Wednesday, April 9, 2014

Kurt Cobain

I have been reading a lot about Kurt Cobain and maybe you have been too. There's plenty out there if you want it. The twentieth anniversary of his death just passed us by and Nirvana gets inducted into the Rock and Roll Hall of Fame right about...now.  And If a person wants to doubt anything about the art they can watch the unplugged performance of Where Did You Sleep Last Night and... shiver. The whole night through.

And everyone takes their shot at illuminating something about him and about what happened. It's okay. You take one person, gone, and they are like the sky at night. A thousand people could write brilliant essays, each one shedding the tiniest pinprick of light on the subject of Kurt Cobain. Maybe I could read every good piece written over the past 24 years or so and they will array like the stars in the sky. All those beautiful stars in the sky, but what we mostly see, what we will ever mostly see is the darkness.
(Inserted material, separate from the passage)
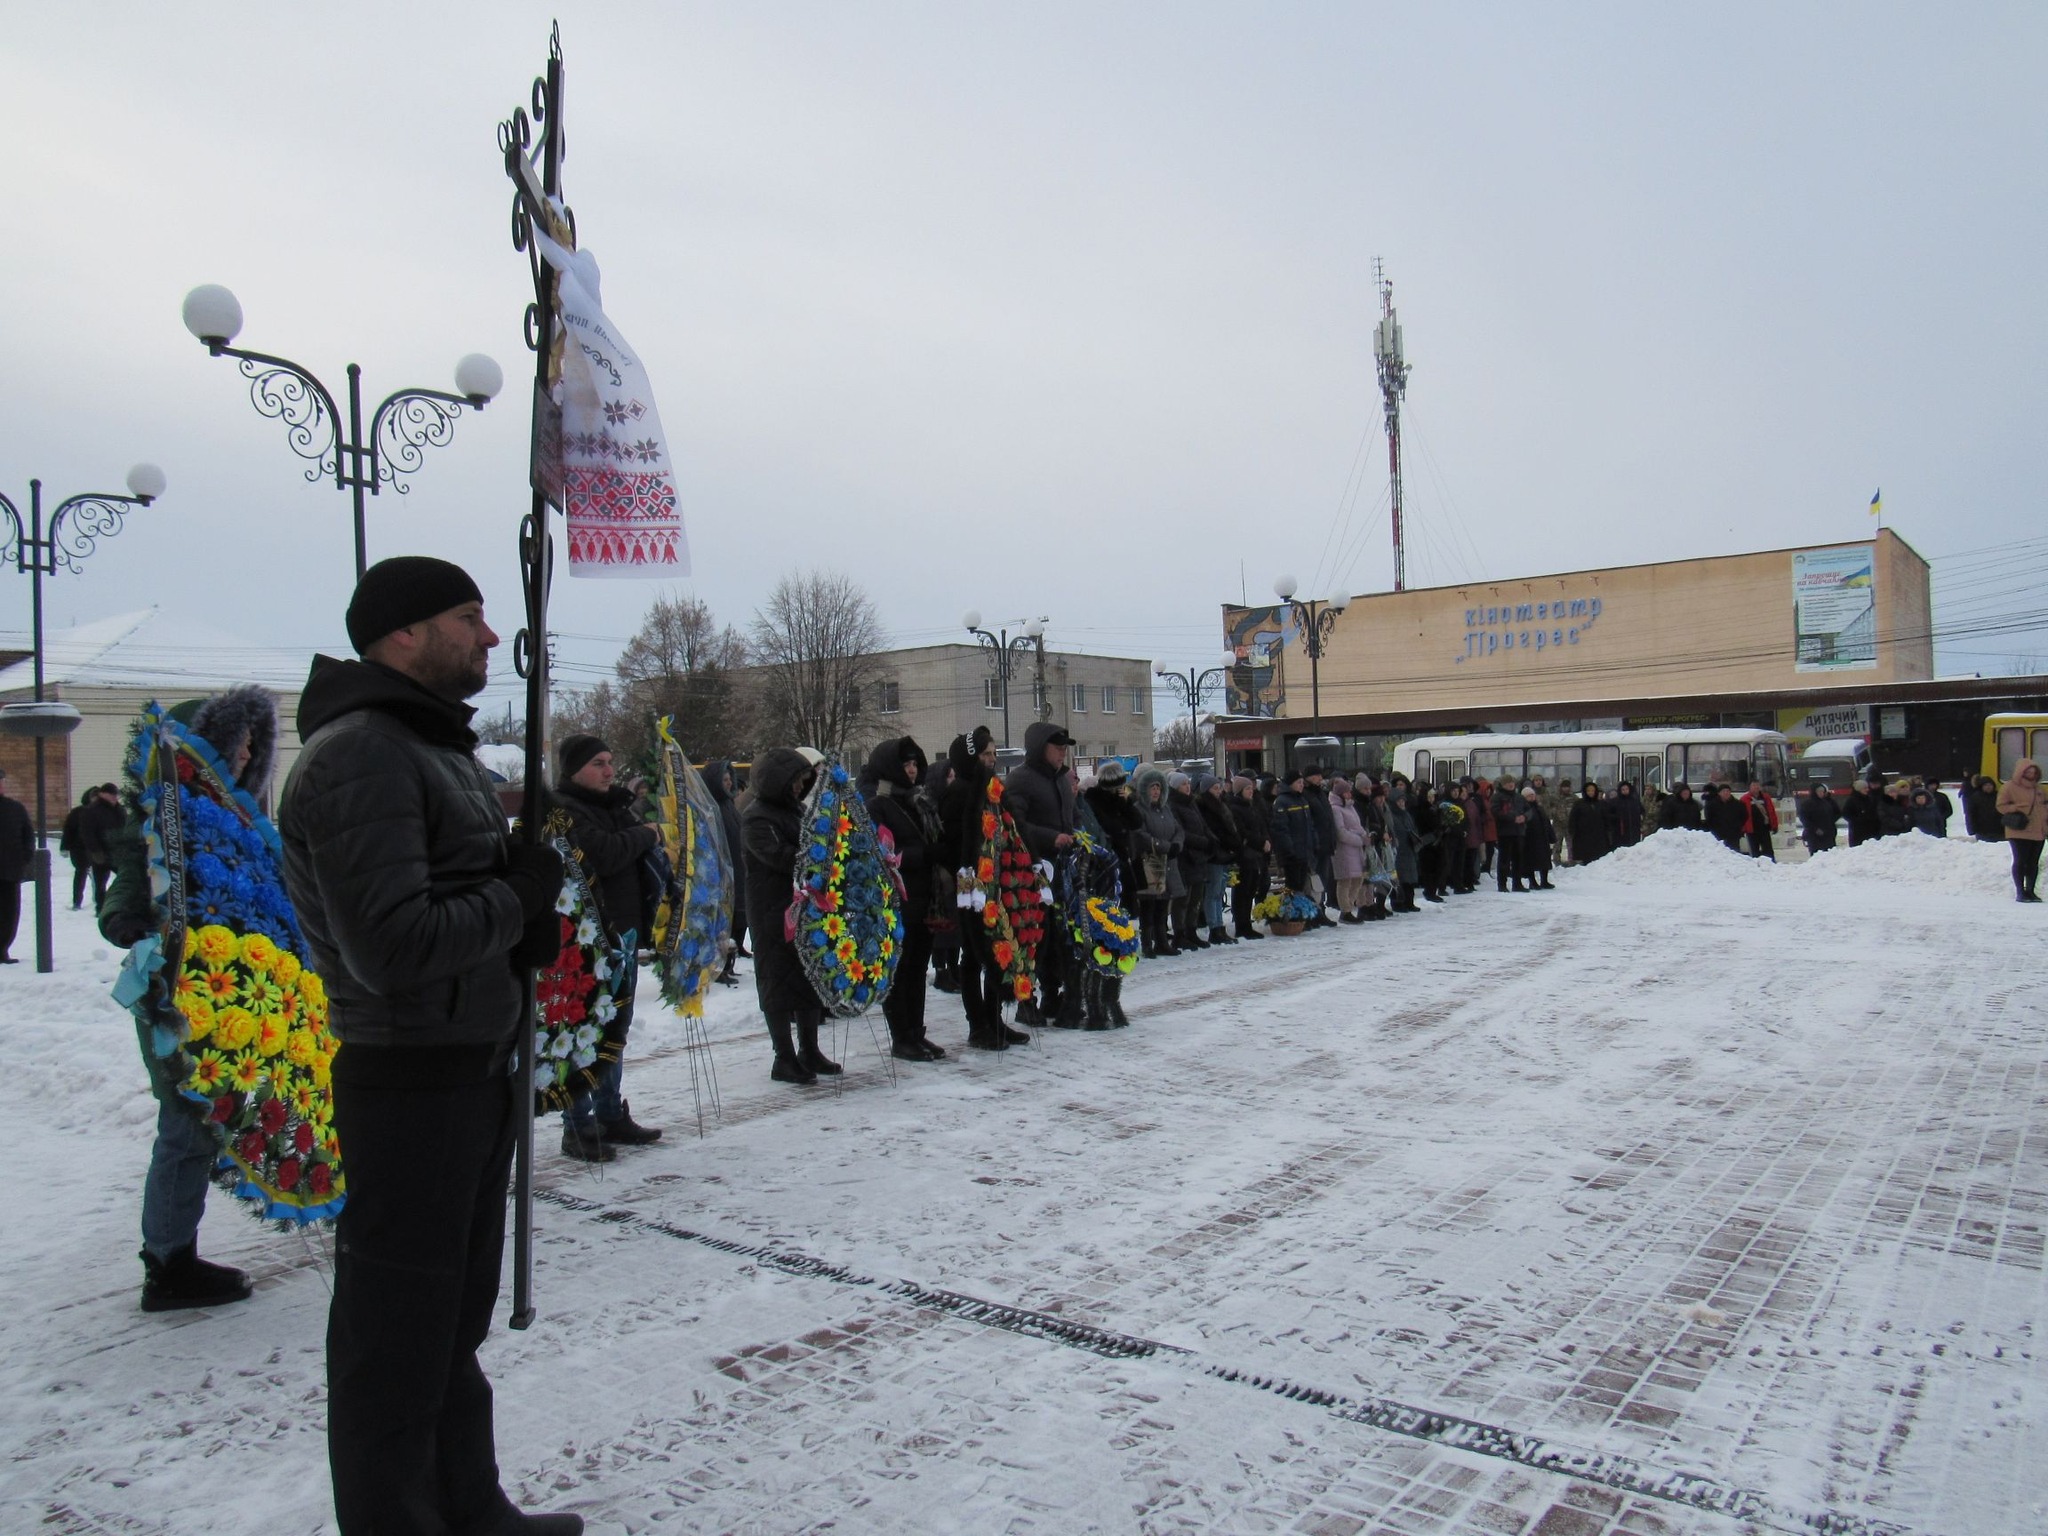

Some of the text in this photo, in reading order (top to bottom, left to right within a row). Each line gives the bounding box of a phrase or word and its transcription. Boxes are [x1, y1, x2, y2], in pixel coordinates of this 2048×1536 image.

[1806, 708, 1858, 728] ДИТЯЧИЙ
[1815, 721, 1867, 737] КІНОСВІТ
[164, 782, 178, 846] скорботою
And here is my story. I was late as usual, just recently finished with a confusion between The Smashing Pumpkins and Nirvana, and waking up to how Nirvana Unplugged was exactly what I wanted to listen to, forever. 

Then he killed himself.

I don't know Kurt Cobain. Or I know him only slightly better than Caravaggio or Tolstoy, for instance. But he was exactly my generation. And I will tell you this dear readers, your generation is always the last generation. And because all this is so I feel I can say:

My favorite album of Kurt Cobain's was the solo album he made in the summer of 2000. I would give all of those stars in the sky, this little one of my own, and then some more, to be able to hear it just once.